Memet, qui veut avoir des enfants, cherche une autre femme. Lors d’une visite à son oncle au Kurdistan, il rencontre Fatma. En réponse à sa proposition de le suivre en Suisse, Fatma exige un temps de réflexion. C’est ainsi que Memet et Fatma n’ont de contacts que par téléphone pendant une année. Le mariage a lieu lorsque Memet retourne au Kurdistan. En Suisse, son nouveau pays d’accueil, Fatma ne connaît personne. Temporairement, le couple peut loger dans un petit appartement qui leur est mis à disposition par l’ex-femme de Memet. Finalement, les jeunes époux trou­vent un appartement pour eux, bon marché mais à peine chauffé. C’est là que naît leur premier enfant. 

Peu d‘argent

Memet travaille partout où il peut être engagé, et notamment comme vendeur dans un stand de produits à l'emporter à la gare. Après que ce stand a fermé, Memet est au chômage. Puis, il ouvre un kiosque à son compte dans la banlieue, dans un petit local dépravé et sans chauffage. En été, l’affaire marche relativement bien: grâce à la vente de glaces et de boissons, il peut gagner environ Fr. 3500.- par mois. En hiver, il y a toujours un creux et les recettes se réduisent de moitié presque.
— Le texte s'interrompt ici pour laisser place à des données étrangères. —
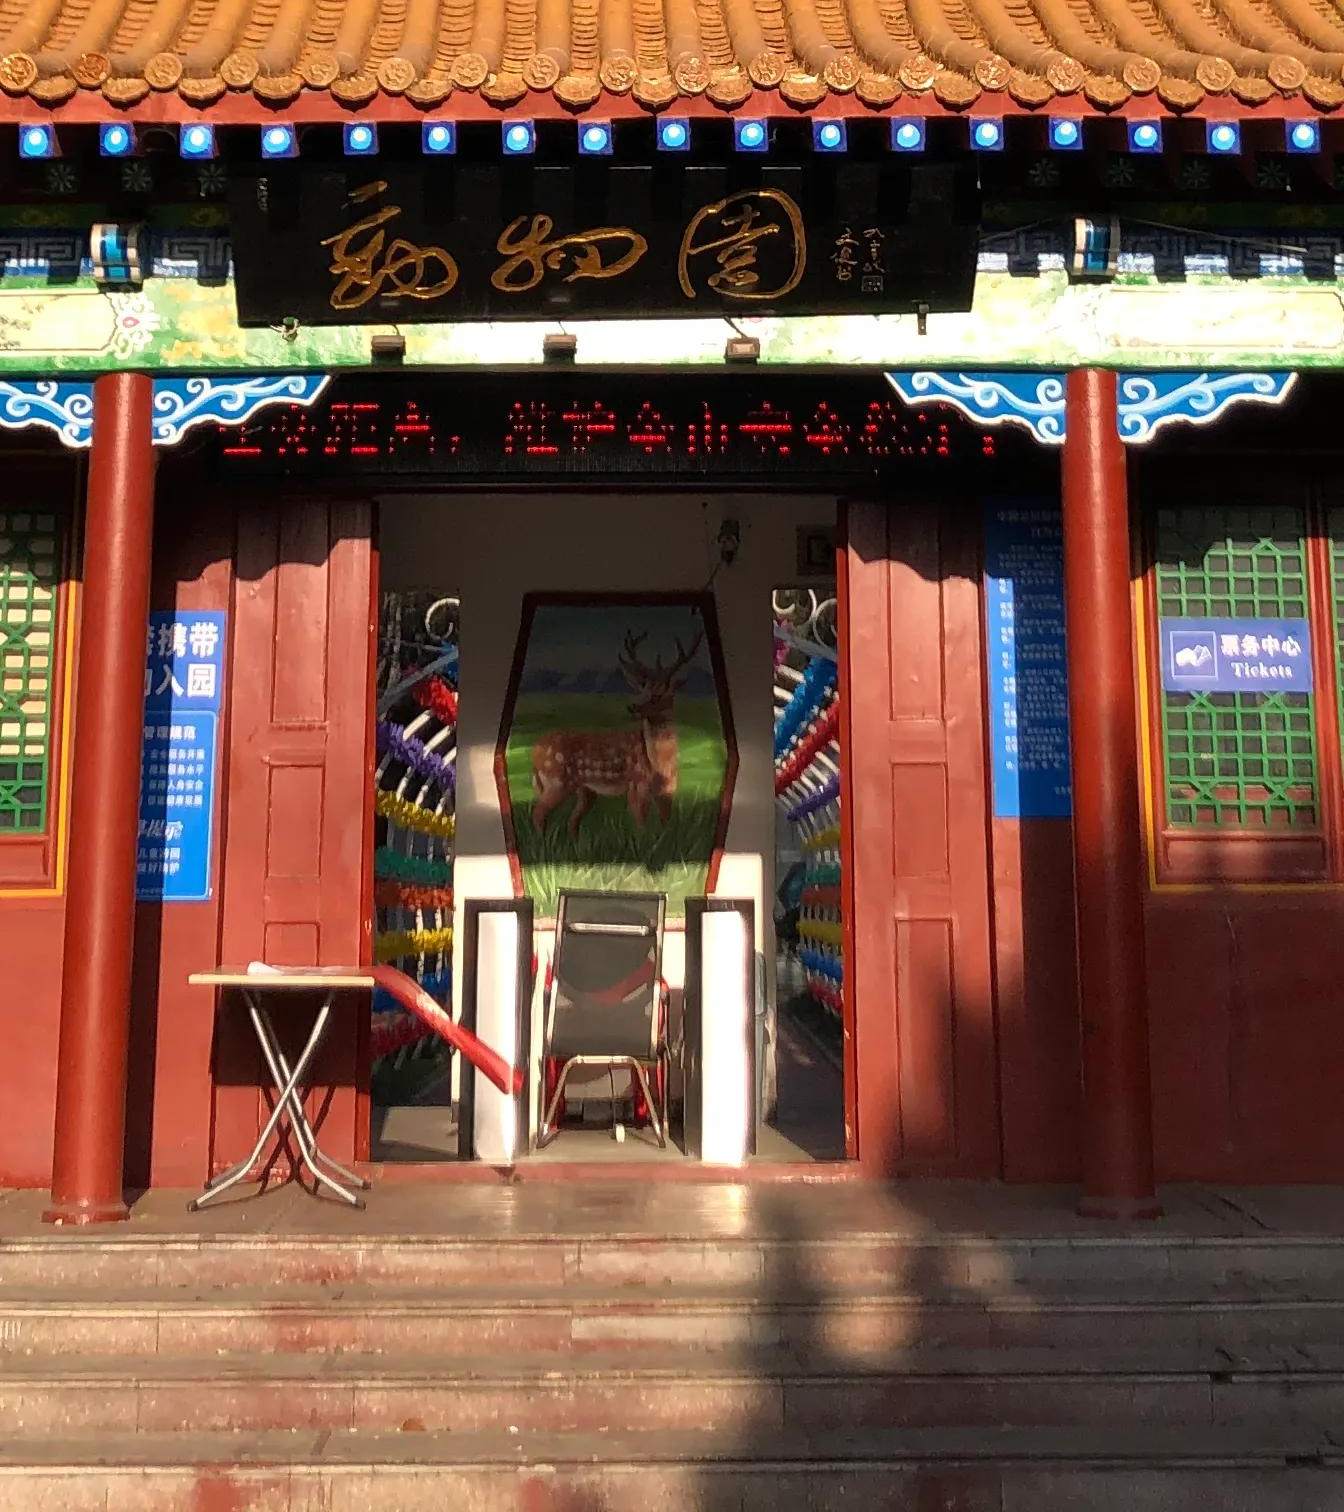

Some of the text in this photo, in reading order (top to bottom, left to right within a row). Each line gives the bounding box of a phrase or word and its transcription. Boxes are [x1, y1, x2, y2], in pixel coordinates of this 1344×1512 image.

La famille s’installe dans un plus grand appartement, à l’ouest de la ville. Deux en­fants viennent encore au monde. Le peu d'argent à disposition doit donc être davan­tage partagé. Fatma fait parfois des ménages, et elle est contente de ce maigre re­venu supplémentaire. Elle cherche un emploi fixe, mais sans succès jusqu’à présent. Lorsqu’elle fait les commissions, elle ne considère que les actions et attend jusqu’à un quart d’heure avant la fermeture des magasins pour profiter de la réduction de 50% du prix des produits frais. Elle se fournit aussi dans les magasins de seconde main. Le reste du budget familial est couvert par l’aide sociale de la commune.

Espoir pour les enfants 

Memet et Fatma souhaitent un meilleur avenir pour leurs enfants. Ceux-ci aiment aller à l’école et apprennent facilement. Mais ils ont des difficultés en allemand, et leurs parents ne peuvent guère les aider. Les enfants sont tristes car ils ne peuvent pas aller en vacances comme leurs camarades de classe. Toute la famille a des bons contacts avec les Suisses et les Suissesses. Fatma est heureuse quand elle peut apprendre quelque chose d'eux. Alors, en guise de remerciements, elle tricote des pantoufles et des châles kurdes, avec des motifs compliqués. (L’adresse de Fatma peut être obtenue via la rédaction).